Descrizione episodio
“Era ancora solo l’inizio di aprile quando braccianti agricoli e operai edili hanno cominciato a collassare per il caldo eccessivo nell’India settentrionale, mentre a Delhi, la capitale, le temperature diurne superavano i 40°C. Le temperature notturne da record hanno fatto impennare l’uso dei condizionatori, mandando in tilt la rete elettrica e causando lunghi blackout, mentre le persone cercavano di trovare un po’ di refrigerio.

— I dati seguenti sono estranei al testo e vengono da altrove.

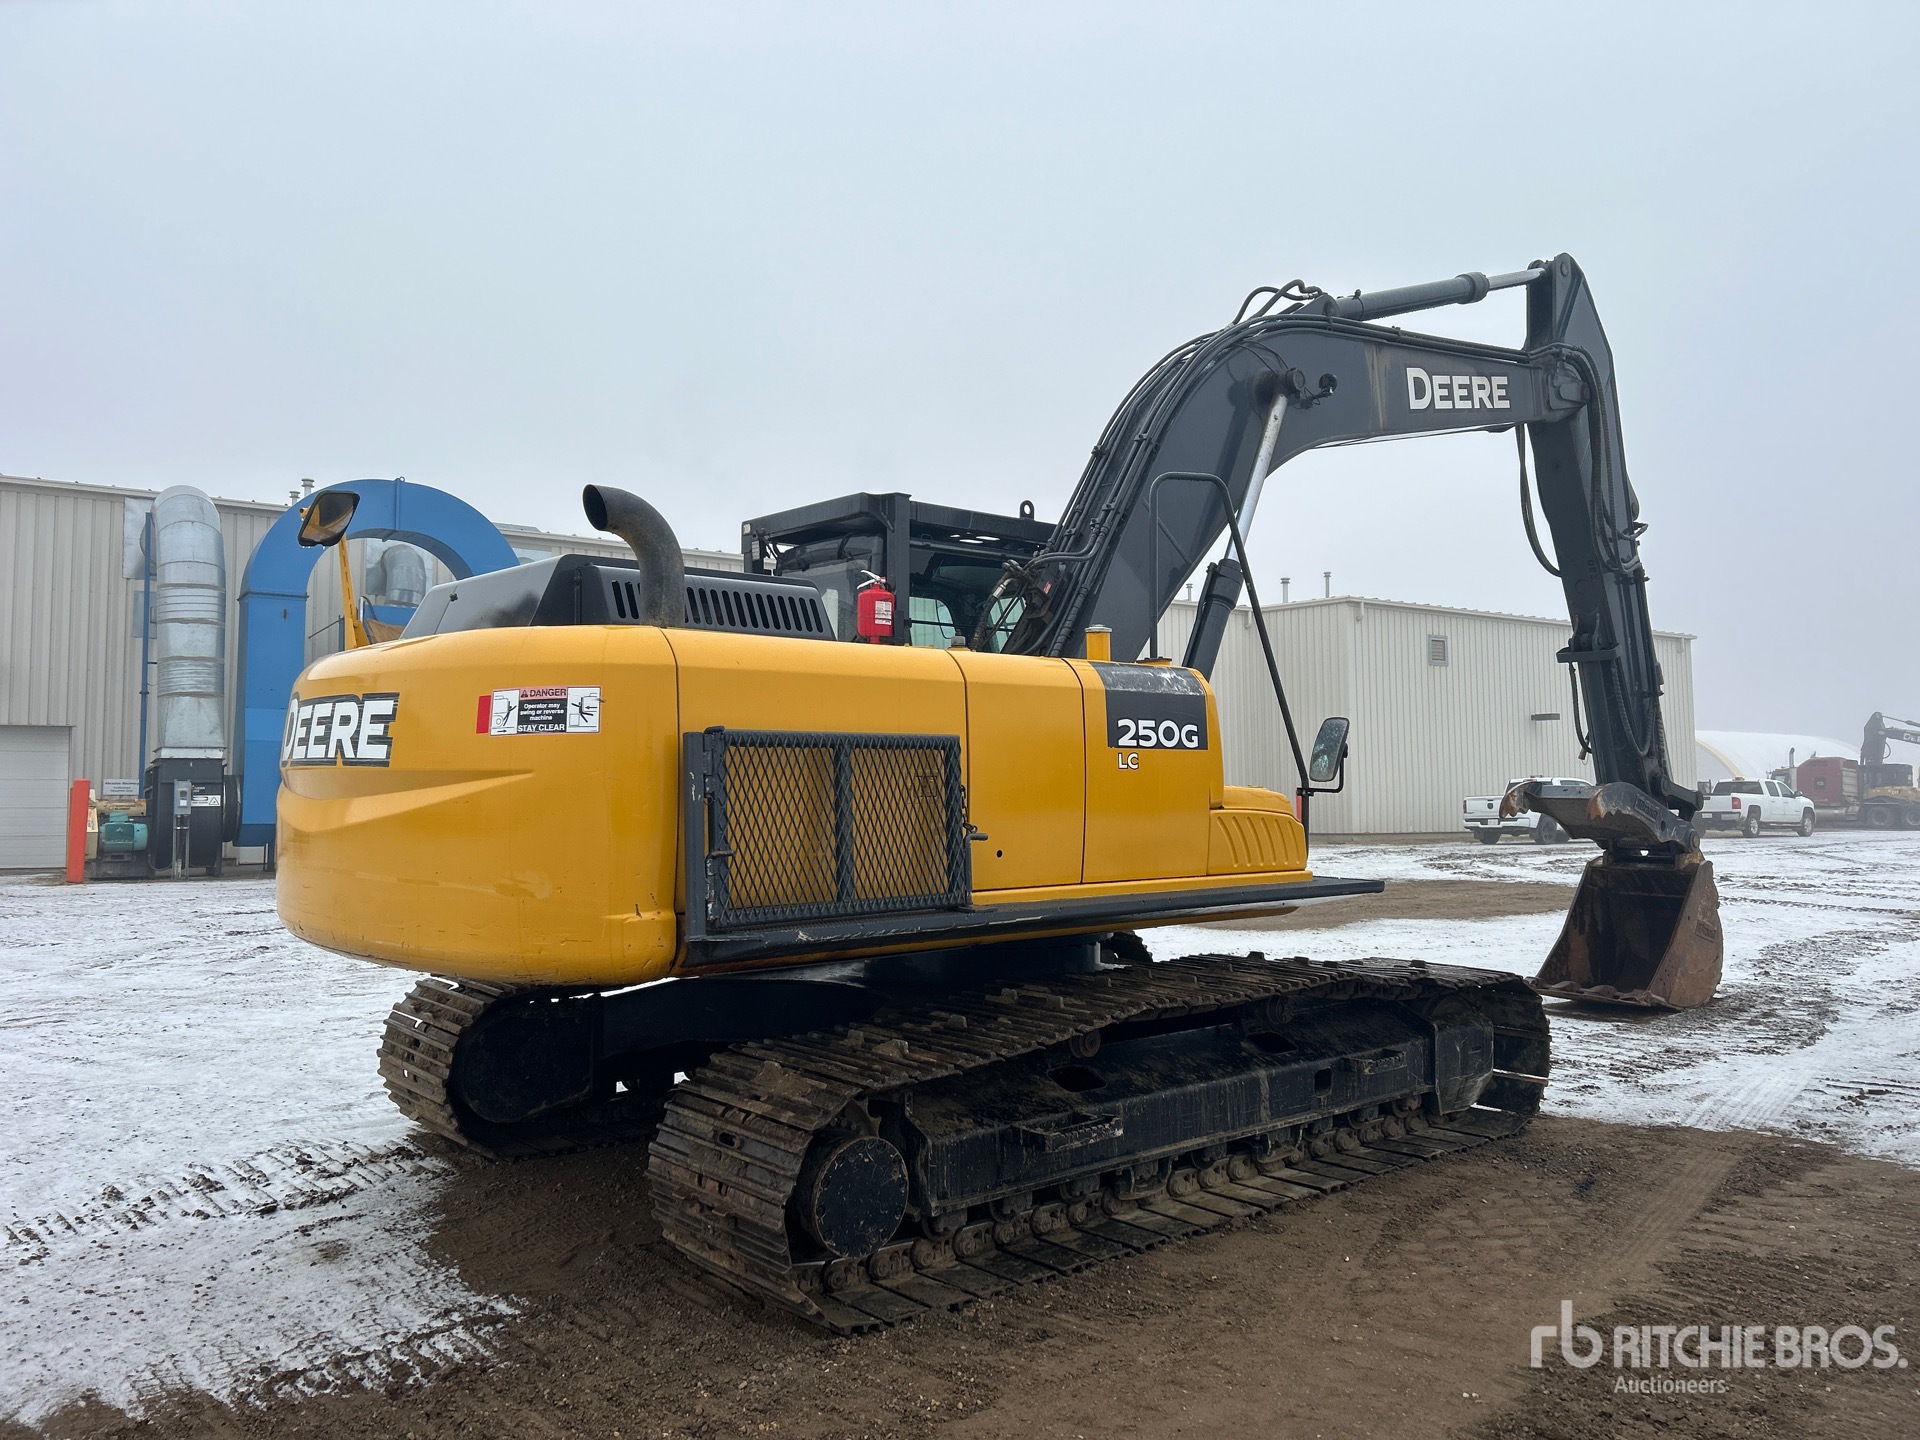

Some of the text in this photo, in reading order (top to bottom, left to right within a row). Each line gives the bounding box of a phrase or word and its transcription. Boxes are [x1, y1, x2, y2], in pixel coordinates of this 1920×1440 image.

[1406, 367, 1511, 410] DEERE
[529, 688, 567, 698] DANGER
[520, 709, 536, 717] swing
[282, 698, 394, 761] DEERE
[517, 723, 566, 733] STAY CLEAR
[1117, 718, 1199, 748] 250G
[1118, 752, 1138, 769] LC

Il caldo torrido era arrivato prima del solito. Un grande ospedale di Delhi ha aperto un reparto specializzato per le ondate di calore, attrezzato con due grandi vasche piene di ghiaccio. Altri centri medici si sono affrettati a comprare impacchi di ghiaccio, mentre le emergenze legate al caldo aumentavano vertiginosamente. Nei mesi successivi, molti indiani si sarebbero trovati a fare i conti con continue interruzioni di corrente, in un susseguirsi di ondate di calore sempre più frequenti, lunghe e brutali”.

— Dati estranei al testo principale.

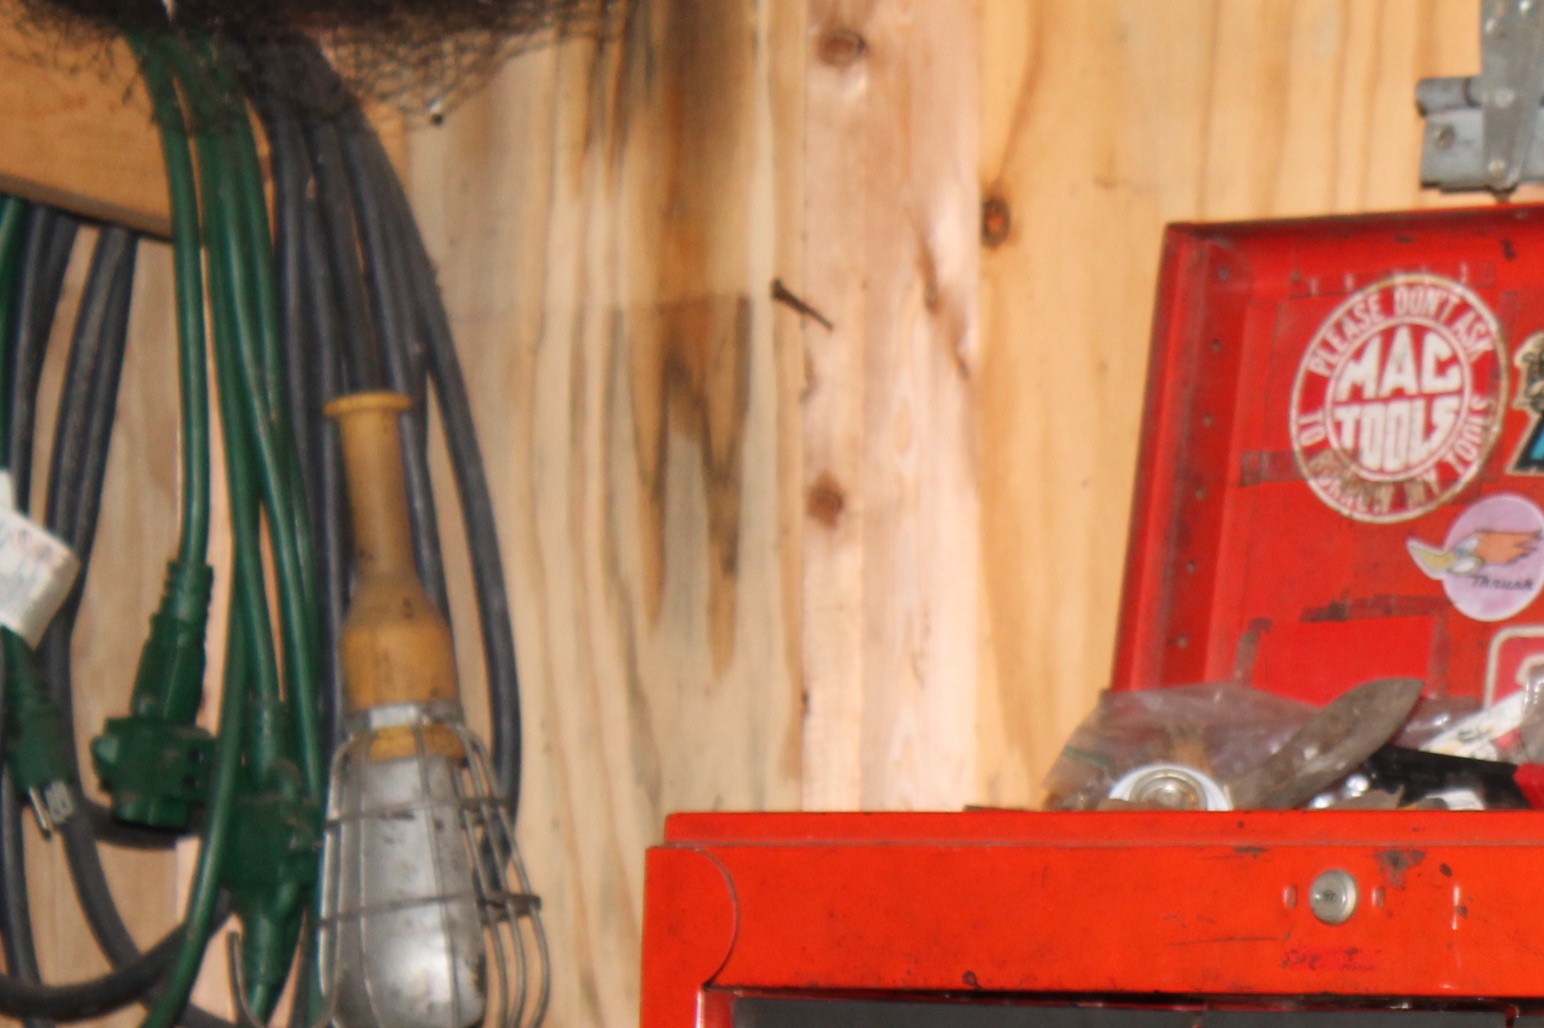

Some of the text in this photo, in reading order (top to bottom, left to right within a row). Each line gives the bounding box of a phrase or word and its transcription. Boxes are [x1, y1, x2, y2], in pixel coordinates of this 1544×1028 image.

[1308, 284, 1494, 377] PLEASE DON'T ASK
[1335, 325, 1463, 401] MAC
[1334, 397, 1461, 472] TOOLS

A scrivere è Nina Lakhani, Climate justice reporter del Guardian – vabbé ma che giornale clamoroso devi essere per avere una reporter per la giustizia climatica -. Comunque, detto ciò, l’articolo parla di uno dei temi più ignorati al mondo, direi, ovvero la transizione energetica e le ambizioni climatiche dell’India, il paese più popoloso al mondo, di cui non parla mai nessuno. E capire questa cosa diventa molto importante soprattutto alle porte di Cop30, la conferenza sul clima che fra un mese si terrà in Brasile, a Belem.
L’india, racconta l’articolo, non è solo il paese più popoloso al mondo ma anche il terzo più inquinante, se consideriamo le emissioni complessive. Però, se invece consideriamo le emissioni pro capite, queste sono in realtà molto basse, meno della metà della media globale. Non perché l’India abbia puntato fin qui forte sulle rinnovabili, ma principalmente perché si consuma poca energia, con due terzi delle famiglie (il 66% della popolazione) che vivono in quella che viene chiamata povertà energetica.
Significa che non hanno accesso sicuro, stabile, economico all’energia: per cucinare, per illuminare casa, per vivere una vita decente. Ma significa anche che quando arriva l’ondata di calore — che ormai è sempre più lunga, più frequente, più pesante — quella parte di popolazione rischia la vita. Perché non ha nemmeno un ventilatore che funzioni.
Intanto però il governo indiano punta forte sulla crescita economica – vabbè come praticamente tutti i governi, solo che nel caso dell’India le previsioni dicono che questa cosa è plausibile e che il pil del paese crescerà del +6,9% nel 2026 e comunque con un ritmo sempre superiore al 6% annuo da qui al 2029.
Per la crescita però serve energia. Tantissima energia. È il motivo per cui un modello basato sulla crescita infinita è insostenibile. Nel caso dell’India c’è un problema in più, spiega l’articolo del Guardian: oggi 70% dell’energia indiana arriva dal carbone, il combustibile fossile più inquinante. E questa cosa sta diventando un grosso problema.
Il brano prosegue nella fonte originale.